The latest Nationwide House Price Index (HPI) points to a small fall in house prices in April. However it is the second consecutive month of house price falls and that hasn’t happened for five years.
The UK economy has also suffered a slow down in growth as figures from the National Office of Statistics indicate that GDP grew by just 0.3% during the first quarter of this year. In the last quarter of 2016, gross domestic product increased by 0.7%.
The slower growth in the economy during 2017 has been expected as rising inflation caused by a Brexit weakened pound is hitting consumer spending power.
The 0.3% rate of growth will come as a surprise to Economists, however, as they were expecting 0.4% although these GDP figures are not final and may be revised in the future.
It is a slow down in the services sector that has contributed most to the lower economic activity as consumers have reined back on discretionatry spending such as hotels and restaurants. Rising household and fuel bills are taking their toll as inflation rose to 2.3% in March.
This fall in economic activity during the first three months of the year is almost certainly a result of Brexit issues, whereas pre-election nerves may also be exerting an effect on the housing market.
The Nationwide HPI show that annual house price growth has dipped to 2.6% – its weakest pace for almost four years. This second consecutive month of weakness in the property market could point to election uncertainties as Russell Quirk, as Founder and CEO of eMoov.co.uk explains:
“A further drop in property values certainly seems out of the ordinary for this peak time of year and is almost certainly being influenced by the decision to call a snap election.

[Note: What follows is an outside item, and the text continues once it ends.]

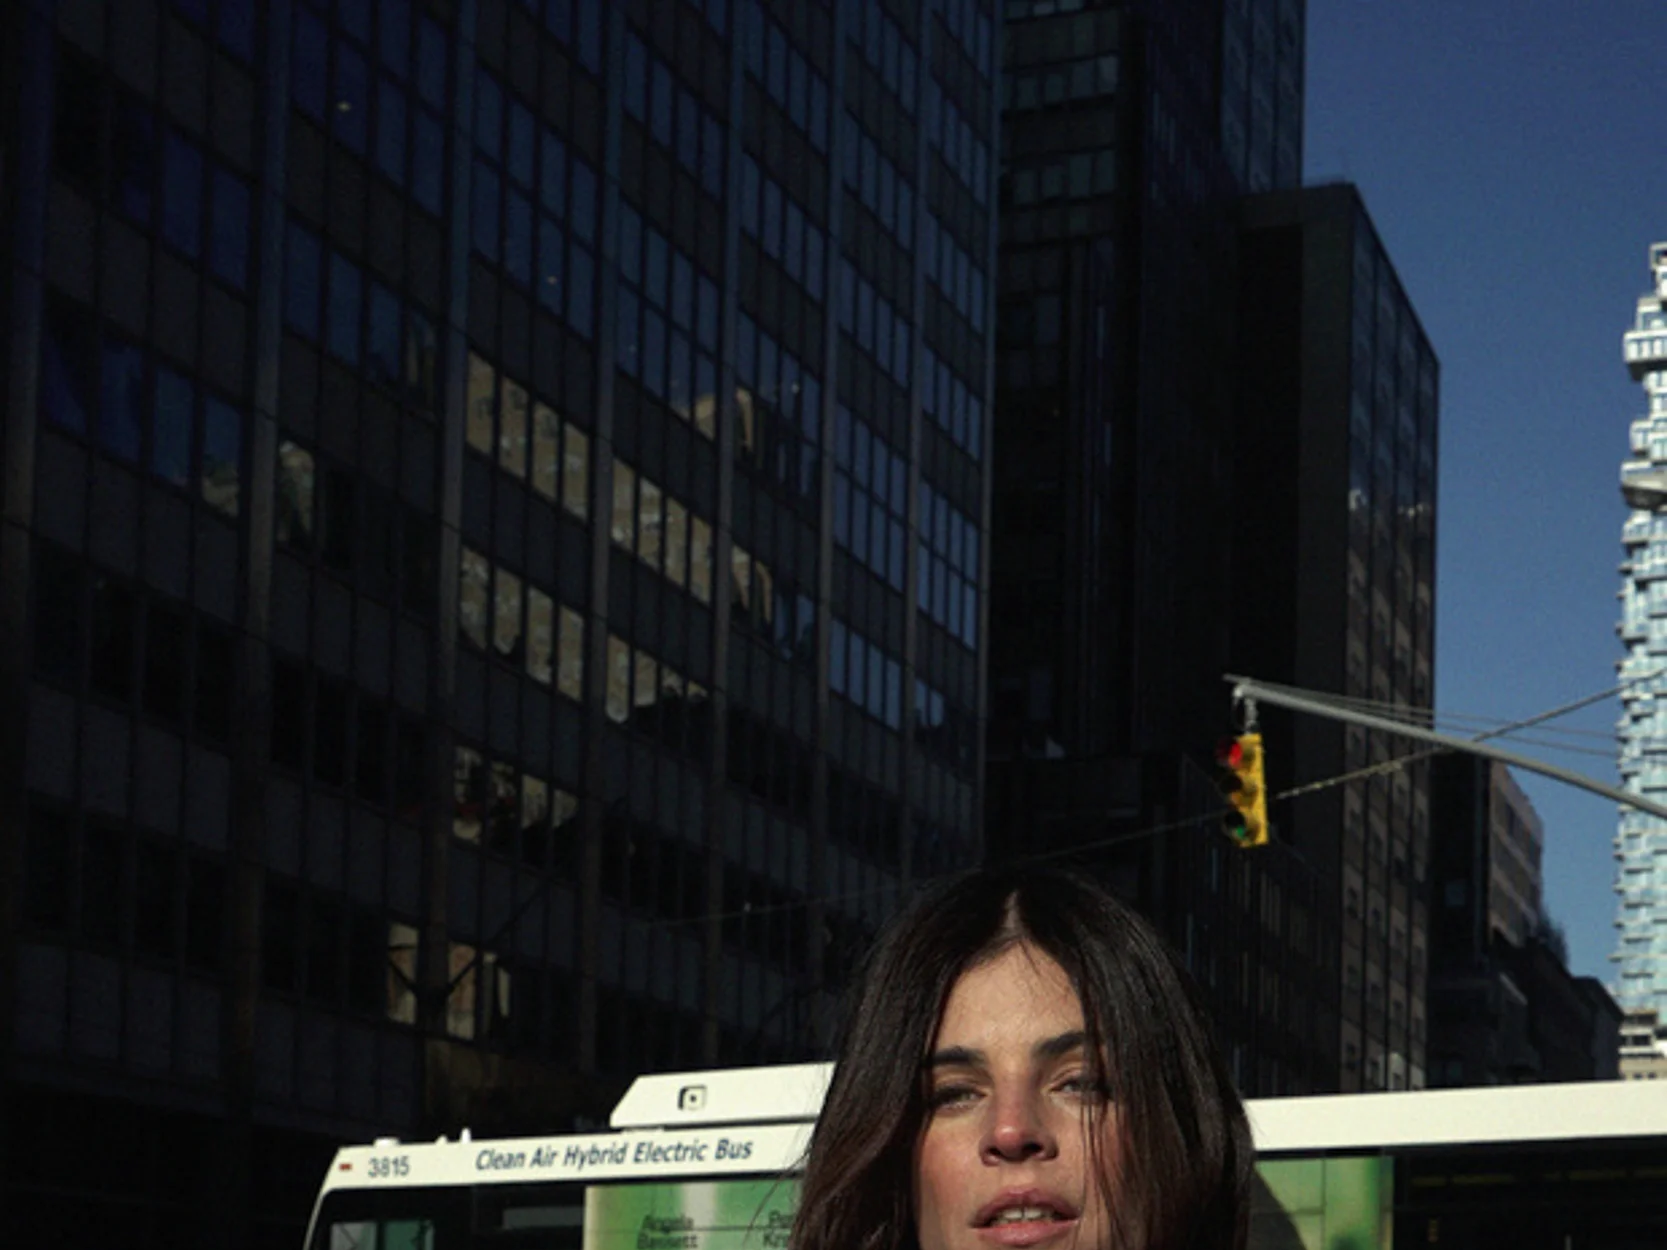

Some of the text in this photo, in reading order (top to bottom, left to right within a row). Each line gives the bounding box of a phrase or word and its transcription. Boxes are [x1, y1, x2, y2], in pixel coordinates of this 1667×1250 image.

[368, 1156, 410, 1177] 3815
[475, 1137, 753, 1172] Clean Air Hybrid Electric Bus

The market had shown promising signs of picking up after months of uncertainty caused by the lead up to Article 50 being triggered. But it would seem this latest cat amongst the pigeons has once again caused an unseasonal freeze amongst UK buyers and sellers.
It is likely that this initial drop will be due to a snap election aftershock reverberating across the UK property sector and causing an almost immediate decline in price growth. But the heightened buyer demand that comes with this time of year should soon reverse this, if not before June, then immediately after the election dust has settled.”
Room for optimism
With mortgage rates at record lows, there is room for optimism about the health of the housing market in the months ahead, even with all the political uncertainties, as Robert Gardner, Nationwide’s Chief Economist, points out:
“The subdued level of building activity and the shortage of properties on the market are likely to provide support for prices. As a result, we continue to believe that a small increase in house prices of around 2% is likely over the course of 2017 as a whole.”